“I believe in God, the Father Almighty, Maker of heaven and earth.” (from the Apostles’ Creed)
What does this mean? I believe that God has made me and all creatures; that He has given me my body and soul, eyes, ears, and all my members, my reason and all my senses, and still takes care of them. He also gives me clothing and shoes, food and drink, house and home, wife and children, land, animals, and all I have. He richly and daily provides me with all that I need to support this body and life. He defends me against all danger and guards and protects me from all evil. All this He does only out of fatherly, divine goodness and mercy, without any merit or worthiness in me. For all this it is my duty to thank and praise, serve and obey Him.
Martin Luther, Smaller Catechism
We don’t worship to make God love us, but because God loves us. Nothing in worship should imply otherwise.
We don’t sing in order for God to be present, but because God already is present. Nothing in worship should imply otherwise.
—John Witvliet, “Teaching Worship as a Christian Practice,” in For Life Abundant: Practical Theology, Theological Education, and Christian Ministry, 139
Worship is an active response to God whereby we declare His worth. Worship is not passive, but is participative. Worship is not simply a mood; it is a response. Worship is not just a feeling; it is a declaration. . . . It is the celebration of God!
—Ronald Allen & Gordon Borror, Worship: Rediscovering the Missing Jewel, 16,18
Worship is the proper response of all moral, sentient beings to God, ascribing all honor and worth to their Creator-God precisely because He is worthy, delightfully so. This side of the Fall, human worship of God properly responds to the redemptive provisions that God has graciously made. While all true worship is God-centered, Christian worship is no less Christ-centered. Empowered by the Spirit and in line with the stipulations of the new covenant, it manifests itself in all our living, finding its impusle in the gospel, which restores our relationship with our Redeemer-God and therefore also with our fellow image-bearers, our co-worshipers. Such worship therefore manifests itself both in adoration and in action, both in the individual believer and in corporate worship, which is worship offered up in the context of the body of believers, who strive to align all the forms of their devout ascription of all worth to God with the panoply of new covenant mandates and examples that bring to fulfillment the glories of antecedent revelation and anticipate the consummation.

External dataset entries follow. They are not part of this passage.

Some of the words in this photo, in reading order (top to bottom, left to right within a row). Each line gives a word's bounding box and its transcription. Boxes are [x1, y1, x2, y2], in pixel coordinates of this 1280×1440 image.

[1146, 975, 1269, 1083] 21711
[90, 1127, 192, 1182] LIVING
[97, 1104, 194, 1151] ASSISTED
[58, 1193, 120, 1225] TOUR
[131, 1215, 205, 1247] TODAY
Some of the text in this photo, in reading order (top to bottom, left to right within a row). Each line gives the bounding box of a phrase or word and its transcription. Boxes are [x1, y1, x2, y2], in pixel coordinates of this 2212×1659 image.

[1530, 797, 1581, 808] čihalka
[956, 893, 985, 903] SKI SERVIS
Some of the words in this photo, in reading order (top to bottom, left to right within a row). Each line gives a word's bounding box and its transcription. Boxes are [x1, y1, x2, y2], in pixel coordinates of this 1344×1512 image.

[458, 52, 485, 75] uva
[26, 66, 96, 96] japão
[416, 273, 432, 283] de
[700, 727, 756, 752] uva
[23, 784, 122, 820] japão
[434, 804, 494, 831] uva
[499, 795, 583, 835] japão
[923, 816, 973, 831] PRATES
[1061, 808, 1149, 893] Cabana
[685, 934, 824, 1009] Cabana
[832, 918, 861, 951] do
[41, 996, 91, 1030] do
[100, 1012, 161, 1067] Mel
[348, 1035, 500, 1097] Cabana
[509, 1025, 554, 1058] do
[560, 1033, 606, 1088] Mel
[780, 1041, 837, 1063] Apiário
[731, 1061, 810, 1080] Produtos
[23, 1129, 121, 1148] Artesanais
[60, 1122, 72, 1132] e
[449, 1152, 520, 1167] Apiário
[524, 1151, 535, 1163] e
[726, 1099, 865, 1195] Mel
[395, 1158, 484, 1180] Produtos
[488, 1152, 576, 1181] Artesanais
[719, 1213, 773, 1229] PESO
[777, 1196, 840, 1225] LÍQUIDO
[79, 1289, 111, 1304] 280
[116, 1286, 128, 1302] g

—D. A. Carson, Worship by the Book, 26
Worship is when you’re aware that what you’ve been given is far greater than what you can give. Worship is the awareness that were it not for his touch, you’d still be hobbling and hurting, bitter and broken. Worship is the half-glazed expression on the parched face of a desert pilgrim as he discovers that the oasis is not a mirage.
Worship is a voluntary act of gratitude offered by the saved to the Savior, by the healed to the Healer, and by the delivered to the Deliverer.
—Max Lucado, In the Eye of the Storm, 163
Worship in the Bible is the due response of rational creatures to the self-revelation of their Creator. It is an honoring and glorifying of God by gratefully offering back to Him all the good gifts, and all the knowledge of his greatness and gracious-ness, that He has given. It involves praising Him for what He is, thanking Him for what He has done, desiring Him to get Himself more glory by further acts of mercy, judgment, and power, and trusting Him with our concern for our own and others’ well-being. . . . As worship will be central in heaven (Rev 4:8-11, 5:9-14), so it must be central in the life of the church on earth, and it should already be the main activity, both private and corporate, in each believer’s life (Col 3:17).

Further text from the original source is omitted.